Pope Francis beautifully described Romero’s life and role in the church in a recent letter:

In that beautiful Central American land, bathed by the Pacific Ocean, the Lord granted his Church a zealous Bishop who, loving God and serving the brothers and sisters, converted into an image of Christ the Good Shepherd. In times of difficult coexistence, Archbishop Romero knew how to lead, defend and protect his flock, remaining faithful to the Gospel and in communion with the whole Church. His ministry was distinguished by a particular attention to the most poor and marginalized. And in the moment of his death, while he celebrated the Holy Sacrifice of love and reconciliation, he received the grace to identify himself fully with He who gave his life for his sheep

Since Romero’s death much has been done to keep his life and witness alive.  His small simple house, across the street from the Chapel where he died has been converted into a museum of his personal affects.  In the museum you can see his bed, his typewriter, some books from his personal library, those iconic glasses, a razor blade, all the stuff of normal human life.
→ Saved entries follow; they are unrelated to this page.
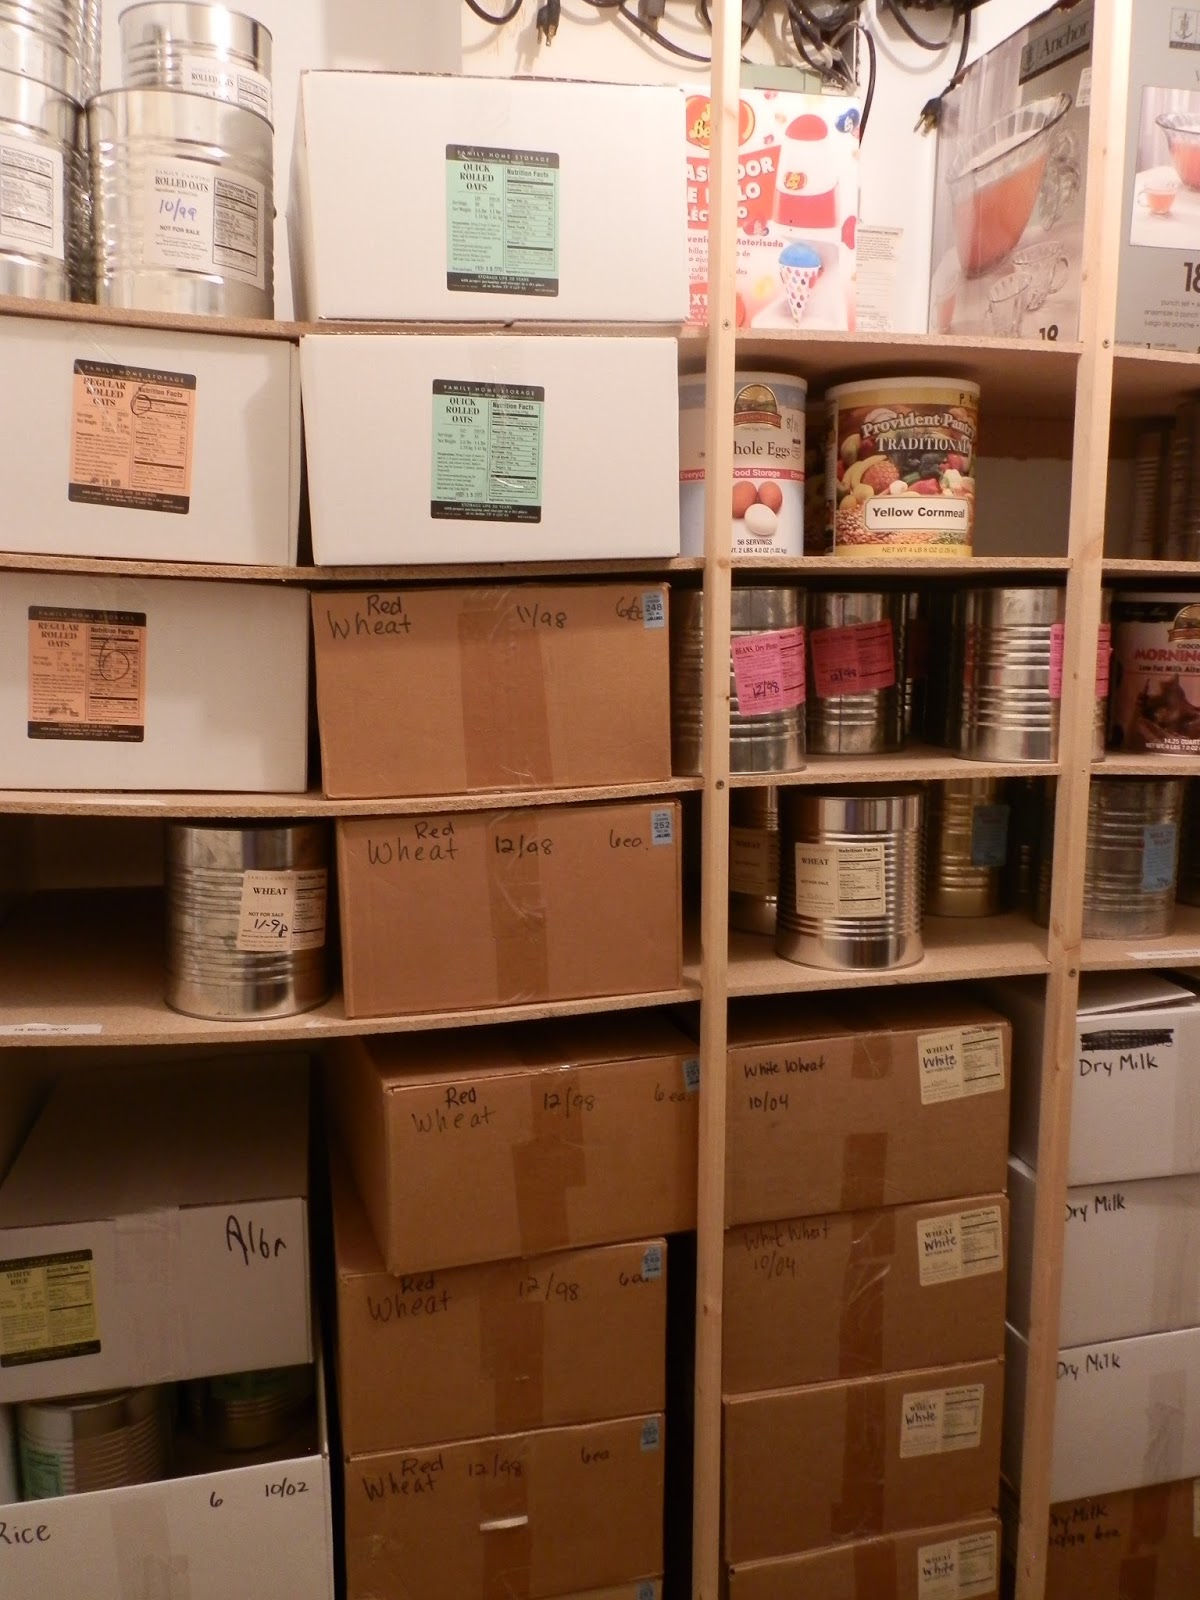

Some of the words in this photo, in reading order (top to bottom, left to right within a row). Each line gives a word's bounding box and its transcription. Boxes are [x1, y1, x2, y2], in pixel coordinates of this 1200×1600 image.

[1041, 20, 1090, 56] Anchor
[463, 163, 490, 172] QUICK
[507, 168, 531, 177] Nutrition
[534, 170, 549, 178] Facts
[155, 175, 187, 188] ROLLED
[188, 180, 209, 192] OATS
[460, 173, 494, 182] ROLLED
[466, 182, 487, 191] OATS
[159, 198, 197, 221] 10/99
[185, 228, 200, 236] SALE
[84, 364, 114, 372] FAMILY
[147, 374, 184, 383] STORAGE
[83, 377, 126, 390] REGULAR
[86, 387, 123, 398] ROLLED
[138, 387, 164, 396] Nutrition
[166, 390, 183, 398] Facts
[93, 398, 116, 406] OATS
[450, 397, 476, 406] QUICK
[492, 402, 517, 410] Nutrition
[446, 406, 480, 415] ROLLED
[861, 412, 940, 437] Provident
[733, 441, 763, 455] hole
[767, 442, 790, 458] Eggs
[876, 438, 968, 453] TRADITIONAL
[752, 469, 781, 478] Storage
[872, 507, 913, 517] Yellow
[917, 507, 965, 518] Cornmeal
[367, 594, 402, 616] Red
[38, 622, 79, 631] REGULAR
[327, 611, 411, 640] Wheat
[41, 631, 77, 639] ROLLED
[1134, 648, 1200, 661] MORNIN
[752, 680, 780, 698] 12/98
[654, 821, 671, 829] 252
[415, 820, 454, 840] Red
[495, 834, 553, 859] 12/98
[367, 837, 458, 865] Wheat
[252, 887, 288, 895] WHEAT
[925, 1044, 954, 1054] WHEAT
[744, 1060, 779, 1079] White
[785, 1055, 826, 1072] Wheat
[922, 1054, 957, 1069] White
[1078, 1059, 1112, 1076] Dry
[1119, 1053, 1158, 1070] Milk
[444, 1086, 476, 1109] Red
[543, 1086, 595, 1118] 12/98
[749, 1090, 789, 1112] 10/04
[411, 1105, 496, 1134] Wheat
[1095, 1193, 1126, 1214] Milk
[925, 1228, 953, 1238] WHEAT
[924, 1236, 957, 1251] White
[6, 1271, 30, 1279] WHITE
[10, 1278, 28, 1286] RICE
[401, 1274, 435, 1294] Red
[519, 1271, 580, 1300] 12/98
[367, 1289, 452, 1323] Wheat
[1086, 1353, 1121, 1373] Milk
[905, 1411, 936, 1425] White
[401, 1453, 444, 1476] Red
[468, 1453, 523, 1478] 12/98
[209, 1491, 223, 1508] 6
[265, 1477, 309, 1498] 10/02
[362, 1472, 436, 1501] Wheat
[0, 1523, 51, 1545] Rice
[923, 1562, 955, 1577] White
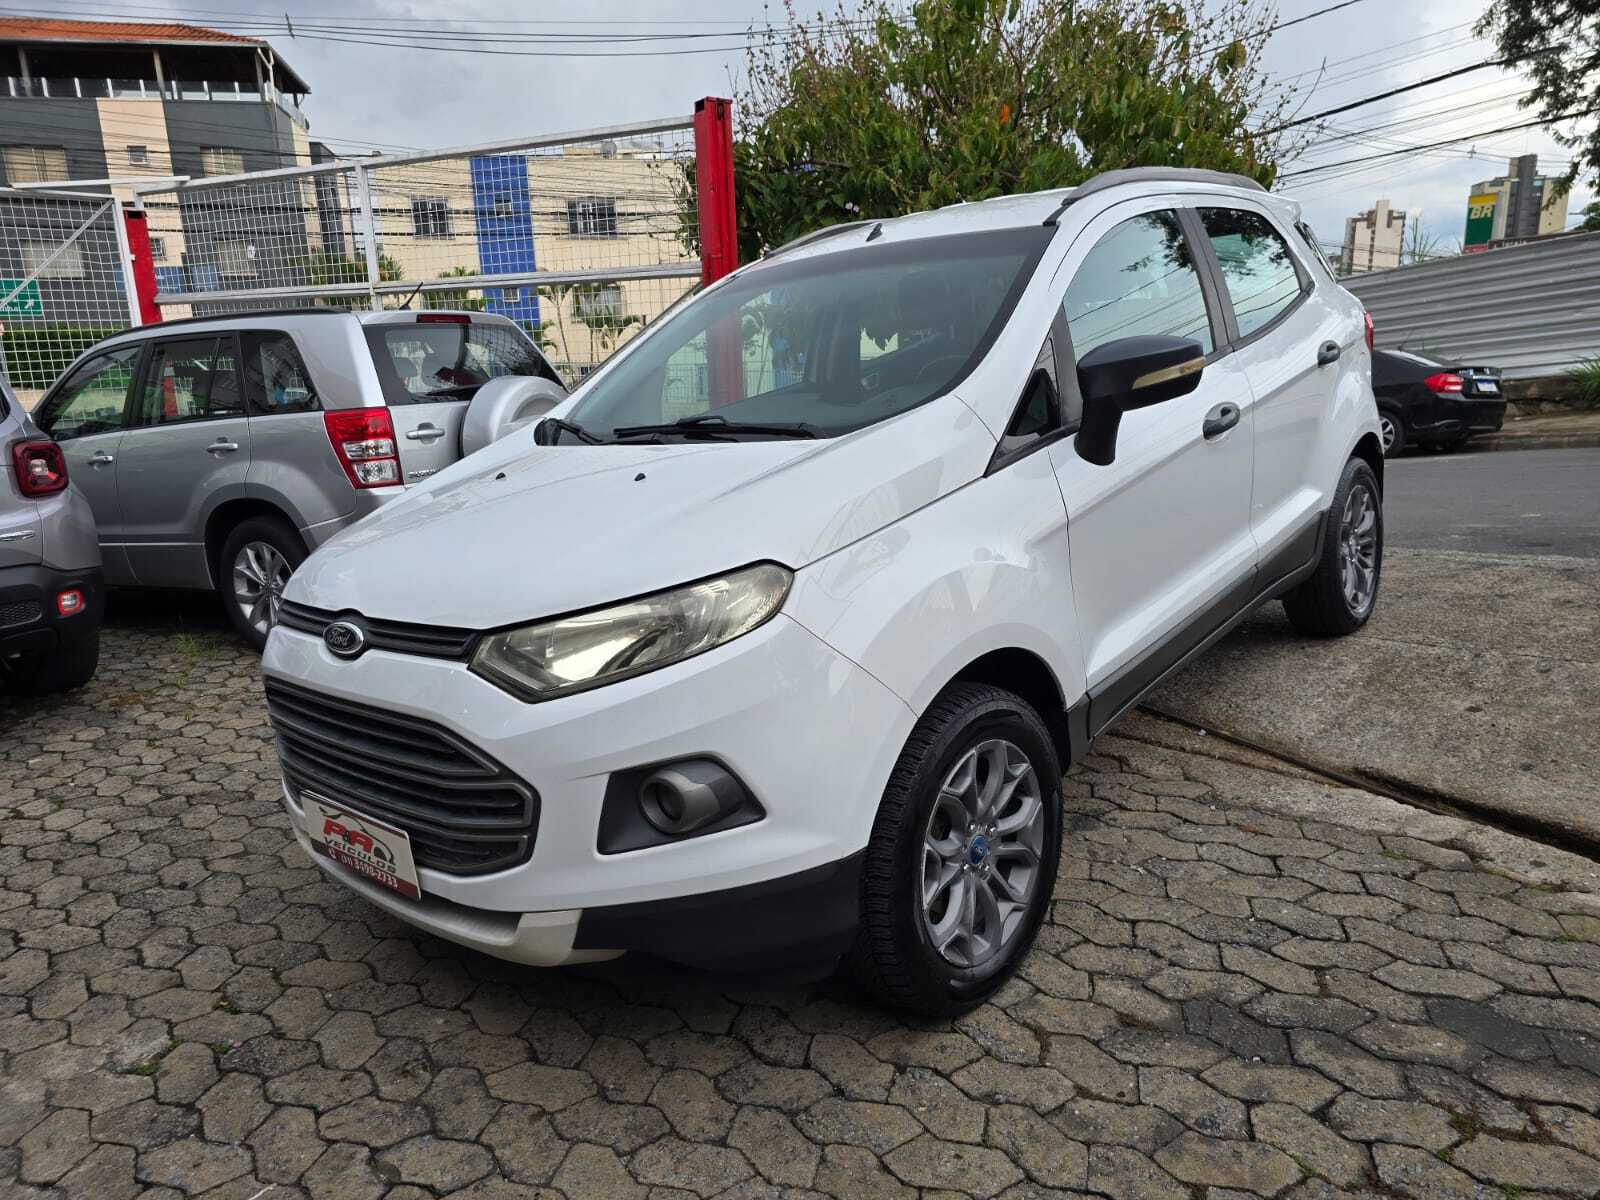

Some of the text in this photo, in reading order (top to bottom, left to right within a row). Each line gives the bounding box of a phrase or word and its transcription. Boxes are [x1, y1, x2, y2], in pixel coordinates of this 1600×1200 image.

[1470, 204, 1493, 219] BR
[326, 626, 352, 646] Ford
[323, 819, 374, 853] P&A
In one large glass case you can see the vestments he wore during his last mass.  On the front right side you can see the hole where the bullet tore through his chest – the fabric stained dark with his precious blood.  You can see the mark of his death, like the wounds in the hands, feet, and side of Christ they are very real.

On the outside of the house turned museum there is a sign on the wall: Monsignor Romero, Prophet and Martyr: So say the people of El Salvador without the approval of the Church. 

If Romero was just a priest living and preaching the Gospel, why did that bullet find its way into his Chest? Remember Romero is pastor in a country that would kill priests for the political consequences of their preaching. It should not be difficult to see the connection.  It is the Gospel after all that convicts Romero to saying something like:

No one can serve two lords.  There is only one God, and that God will either be the true one, who asks us to give things up when they become sin, or it will be the god of money, who makes us turn or back on Christianity’s God.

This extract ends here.